The Effect of Police Body Cameras

The first randomized controlled trial of police body cameras shows that cameras sharply reduce the use of force by police and the number of citizen complaints.


We conducted a randomized controlled trial, where nearly 1,000 officer shifts were randomized

over a 12-month period to treatment and control conditions. During ‘‘treatment shifts’’

officers were required to wear and use body-worn-cameras when interacting with members

of the public, while during ‘‘control shifts’’ officers were instructed not to carry or use the

devices in any way. We observed the number of complaints, incidents of use-of-force, and

the number of contacts between police officers and the public, in the years and months

preceding the trial (in order to establish a baseline) and during the 12 months of the

experiment.


The results were that police use of force reports halved on shifts when police wore cameras. In addition, the use of force during the entire treatment period (on shifts both using and not using cameras) was about half the rate as during pre-treatment periods. In other words, the camera wearing shifts appear to have caused police to change their behavior on all shifts in a way that reduced the use of force. A treatment that bleeds over to the control group is bad for experimental design but suggests that the effect was powerful in changing the norms of interaction. (By the way, the authors say that they can’t be certain whether the cameras primarily influenced the police or the citizens but the fact that the effect occurred even on non-camera shifts suggests that the effect is primarily driven by police behavior since the citizens would not have been particularly aware of the experiment, especially as there would have been relatively few repeat interactions for citizens.)
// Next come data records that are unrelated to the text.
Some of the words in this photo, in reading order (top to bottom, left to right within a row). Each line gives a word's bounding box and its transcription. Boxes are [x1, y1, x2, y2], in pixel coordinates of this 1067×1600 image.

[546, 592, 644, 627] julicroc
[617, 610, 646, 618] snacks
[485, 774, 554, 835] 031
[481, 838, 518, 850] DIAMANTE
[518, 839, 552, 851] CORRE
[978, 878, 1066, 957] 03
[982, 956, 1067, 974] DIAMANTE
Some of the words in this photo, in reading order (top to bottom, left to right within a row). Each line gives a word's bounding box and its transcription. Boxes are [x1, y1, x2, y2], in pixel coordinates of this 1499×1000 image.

It is possible that the police shaded their reports down during the treatment period but complaints by citizens also fell dramatically during the treatment period from about 25-50 per year to just 3 per year.
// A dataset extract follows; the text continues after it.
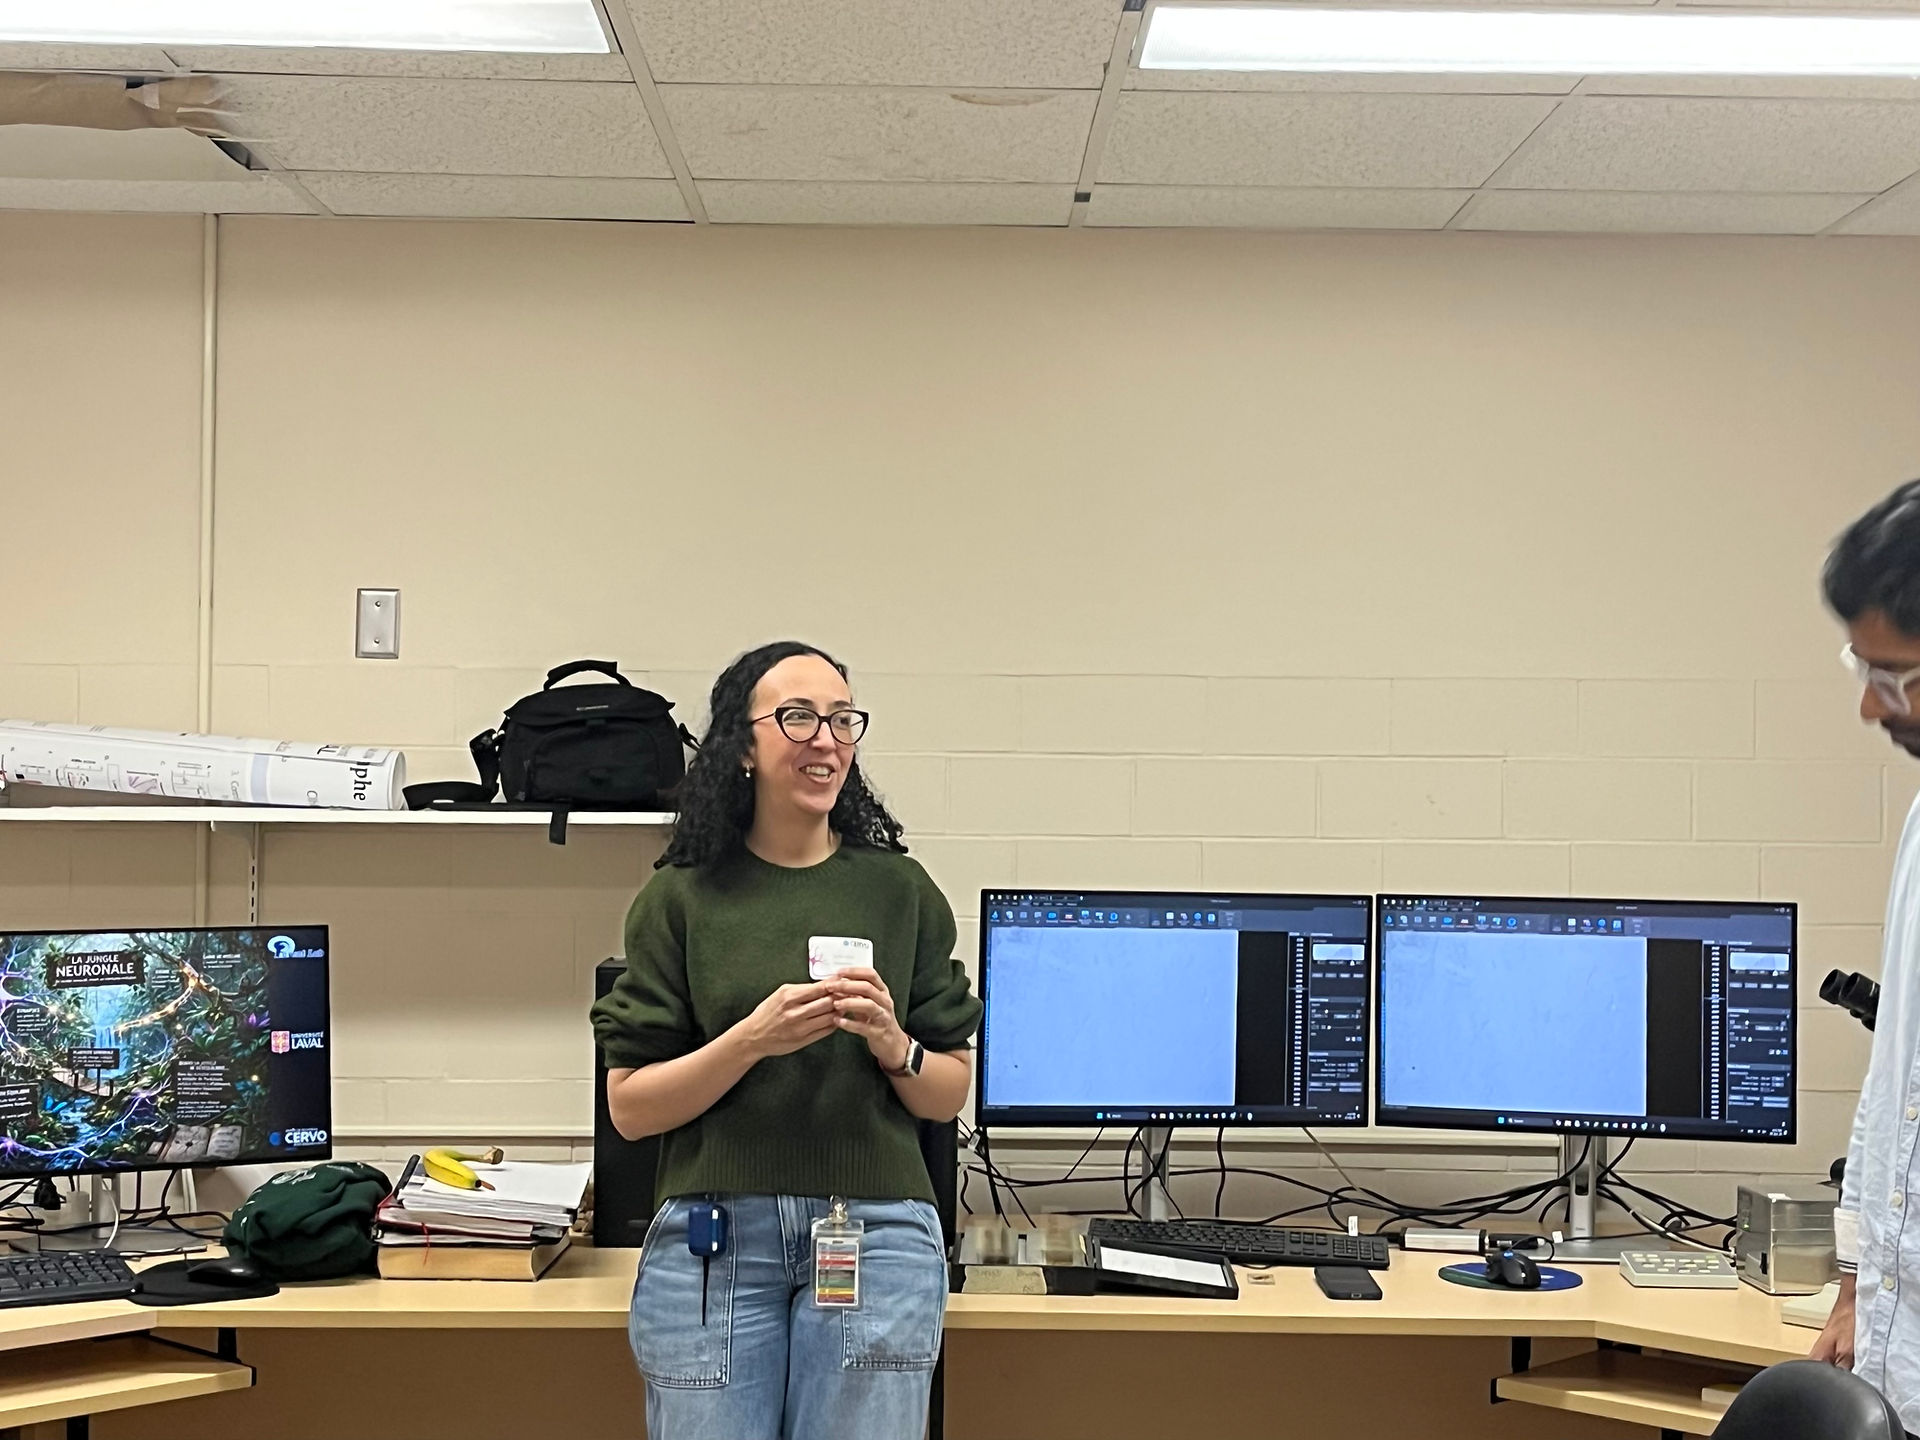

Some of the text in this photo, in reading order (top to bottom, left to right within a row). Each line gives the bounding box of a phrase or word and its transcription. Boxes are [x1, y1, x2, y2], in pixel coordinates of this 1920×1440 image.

Here’s a graph of use of force reports before and during the treatment period.


cameras


Police cameras will have some negative effects. When a police officer is accused of something will lawyers have the right to subpoena years of camera footage looking for anything problematic? Think about the OJ case. Perhaps tape should be erased after one year.


Nevertheless, the results of the study are impressive. More generally, I worry that there is no solution to the problem of government mass surveillance but at the very least we can turn the cameras around and even the playing field.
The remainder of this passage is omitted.